There can be lots of reasons for choosing one path over the other, the reasons can be personal, and you have written nothing about your intentions.
If you are stuck on an important project, need direct and reliable results then just go buy a probe and get on with your project.
If you're curious about electronics, have fun building projects, are on a tight budget or have more time then money, then those can all be good reasons to DIY a differential probe.

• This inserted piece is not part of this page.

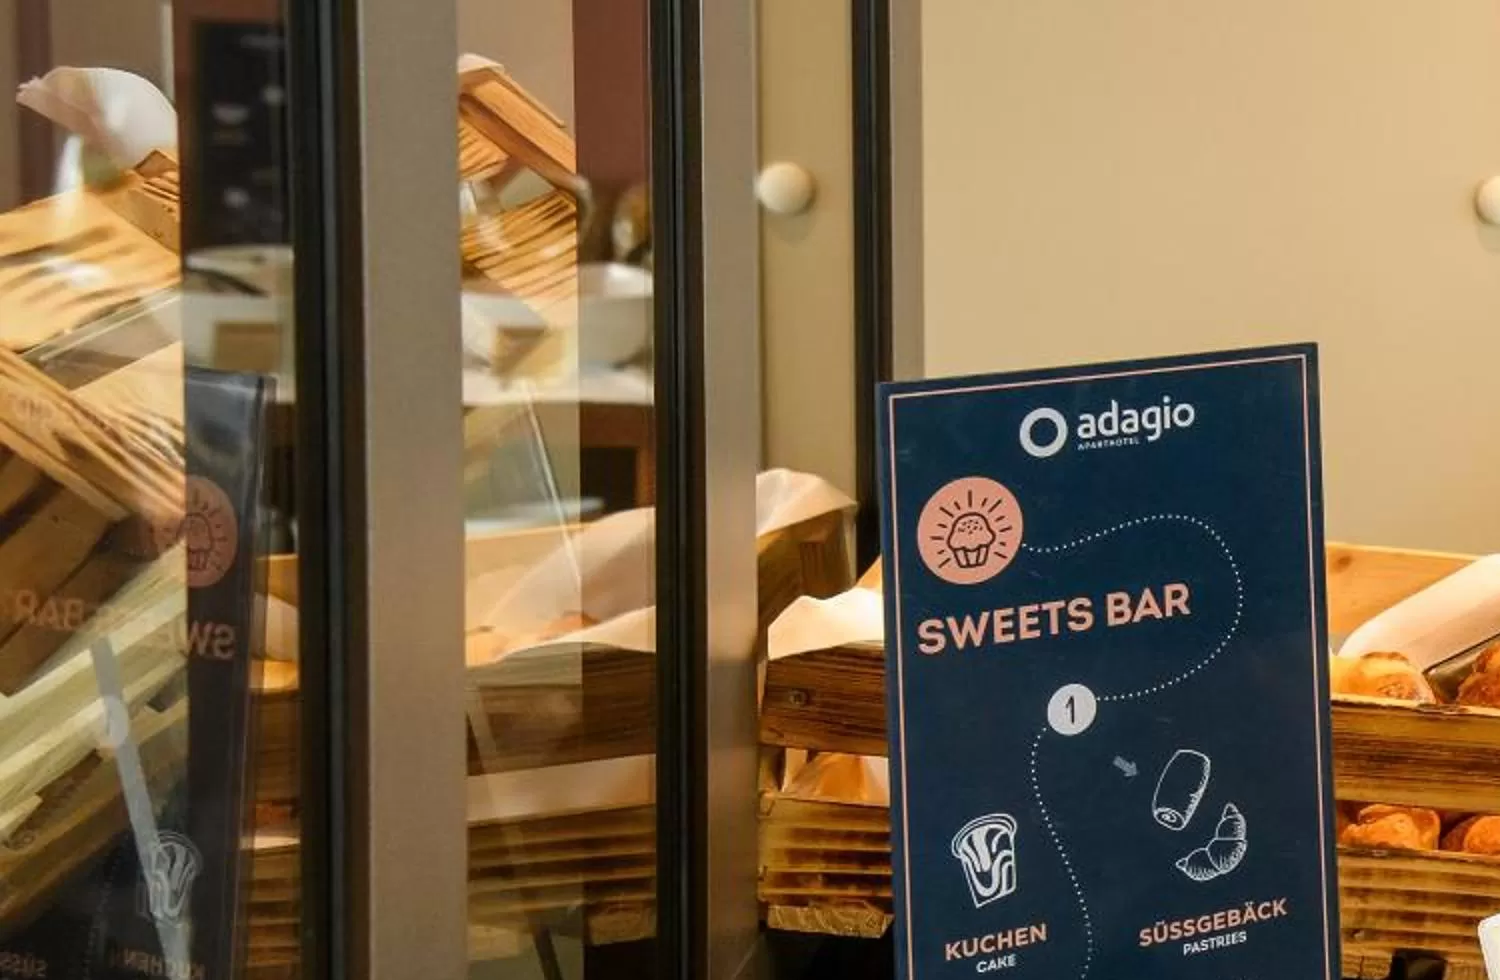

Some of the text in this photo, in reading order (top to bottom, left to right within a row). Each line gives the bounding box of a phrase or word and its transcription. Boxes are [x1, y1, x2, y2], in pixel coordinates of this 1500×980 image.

And it also depends on what you want to do with it. You write your input voltages are below 100V. That is low enough to probe with normal 1:10 probes, and subtracting two channels on your scope may be good enough. (Especially handy to have a 4 channel scope). The commercial differential probes are also mostly geared to wards very high input voltages. They use a high ratio to divide the signal, and then need to amplify it again, and this is of course bad for signal to noise ratio. If your needs are for only lower voltages, then building a simpler circuit may be good enough for you. You can use a smaller dividing ratio on the input section to get a better signal to noise ratio. Just building some generic instrumentation amplifier circuit from an application note may be good enough for you.
And if you want to build a high voltage differential probe, then watch the parts used very carefully. I just looked at a Yageo datasheet and their 0805 resistors have a rating of just 150V and a 300V as "Max overload voltage" (whatever that means). Ceramic capacitors are often rated for much lower voltages.
It's also not sure if DIY would be much cheaper. LTC6269 is an EUR15 opamp and one of the designs uses two of them, (and a LTC6268 which is another EUR11)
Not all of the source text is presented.